WORK INSTRUCTIONS:
Set the entries below down again, please. Match them exactly.

---------- EXTRACTED MATERIAL

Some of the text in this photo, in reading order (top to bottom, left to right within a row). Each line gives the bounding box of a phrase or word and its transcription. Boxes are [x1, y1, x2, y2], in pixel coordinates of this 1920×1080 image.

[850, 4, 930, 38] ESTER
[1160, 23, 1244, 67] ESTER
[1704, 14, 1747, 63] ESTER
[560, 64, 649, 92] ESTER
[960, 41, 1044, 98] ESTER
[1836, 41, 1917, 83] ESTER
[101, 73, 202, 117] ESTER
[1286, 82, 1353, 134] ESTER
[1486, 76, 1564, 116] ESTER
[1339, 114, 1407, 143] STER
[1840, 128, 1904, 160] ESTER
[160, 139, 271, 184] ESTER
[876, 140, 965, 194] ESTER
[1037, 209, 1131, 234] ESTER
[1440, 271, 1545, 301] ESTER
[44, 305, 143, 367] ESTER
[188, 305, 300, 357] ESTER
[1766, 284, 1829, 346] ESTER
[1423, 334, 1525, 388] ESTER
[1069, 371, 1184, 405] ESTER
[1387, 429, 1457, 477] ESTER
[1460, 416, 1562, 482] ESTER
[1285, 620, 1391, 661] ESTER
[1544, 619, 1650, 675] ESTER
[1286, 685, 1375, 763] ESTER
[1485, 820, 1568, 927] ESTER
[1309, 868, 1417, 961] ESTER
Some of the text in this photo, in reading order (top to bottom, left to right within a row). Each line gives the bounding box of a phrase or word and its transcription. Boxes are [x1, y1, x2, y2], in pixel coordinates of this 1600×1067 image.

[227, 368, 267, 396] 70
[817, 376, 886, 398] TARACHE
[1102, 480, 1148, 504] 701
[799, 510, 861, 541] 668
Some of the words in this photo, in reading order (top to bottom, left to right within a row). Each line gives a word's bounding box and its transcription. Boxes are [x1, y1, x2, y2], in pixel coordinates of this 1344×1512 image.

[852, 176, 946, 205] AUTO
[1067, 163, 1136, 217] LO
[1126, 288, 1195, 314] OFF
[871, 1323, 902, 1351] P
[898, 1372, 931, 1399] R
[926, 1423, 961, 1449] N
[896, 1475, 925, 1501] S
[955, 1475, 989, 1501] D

--------------------

WRITTEN RESPONSE:
Some of the text in this photo, in reading order (top to bottom, left to right within a row). Each line gives the bounding box of a phrase or word and its transcription. Boxes are [x1, y1, x2, y2], in pixel coordinates of this 1920×1080 image.

[850, 4, 930, 38] ESTER
[1160, 23, 1244, 67] ESTER
[1704, 14, 1747, 63] ESTER
[560, 64, 649, 92] ESTER
[960, 41, 1044, 98] ESTER
[1836, 41, 1917, 83] ESTER
[101, 73, 202, 117] ESTER
[1286, 82, 1353, 134] ESTER
[1486, 76, 1564, 116] ESTER
[1339, 114, 1407, 143] STER
[1840, 128, 1904, 160] ESTER
[160, 139, 271, 184] ESTER
[876, 140, 965, 194] ESTER
[1037, 209, 1131, 234] ESTER
[1440, 271, 1545, 301] ESTER
[44, 305, 143, 367] ESTER
[188, 305, 300, 357] ESTER
[1766, 284, 1829, 346] ESTER
[1423, 334, 1525, 388] ESTER
[1069, 371, 1184, 405] ESTER
[1387, 429, 1457, 477] ESTER
[1460, 416, 1562, 482] ESTER
[1285, 620, 1391, 661] ESTER
[1544, 619, 1650, 675] ESTER
[1286, 685, 1375, 763] ESTER
[1485, 820, 1568, 927] ESTER
[1309, 868, 1417, 961] ESTER
Some of the text in this photo, in reading order (top to bottom, left to right within a row). Each line gives the bounding box of a phrase or word and its transcription. Boxes are [x1, y1, x2, y2], in pixel coordinates of this 1600×1067 image.

[227, 368, 267, 396] 70
[817, 376, 886, 398] TARACHE
[1102, 480, 1148, 504] 701
[799, 510, 861, 541] 668
Some of the words in this photo, in reading order (top to bottom, left to right within a row). Each line gives a word's bounding box and its transcription. Boxes are [x1, y1, x2, y2], in pixel coordinates of this 1344×1512 image.

[852, 176, 946, 205] AUTO
[1067, 163, 1136, 217] LO
[1126, 288, 1195, 314] OFF
[871, 1323, 902, 1351] P
[898, 1372, 931, 1399] R
[926, 1423, 961, 1449] N
[896, 1475, 925, 1501] S
[955, 1475, 989, 1501] D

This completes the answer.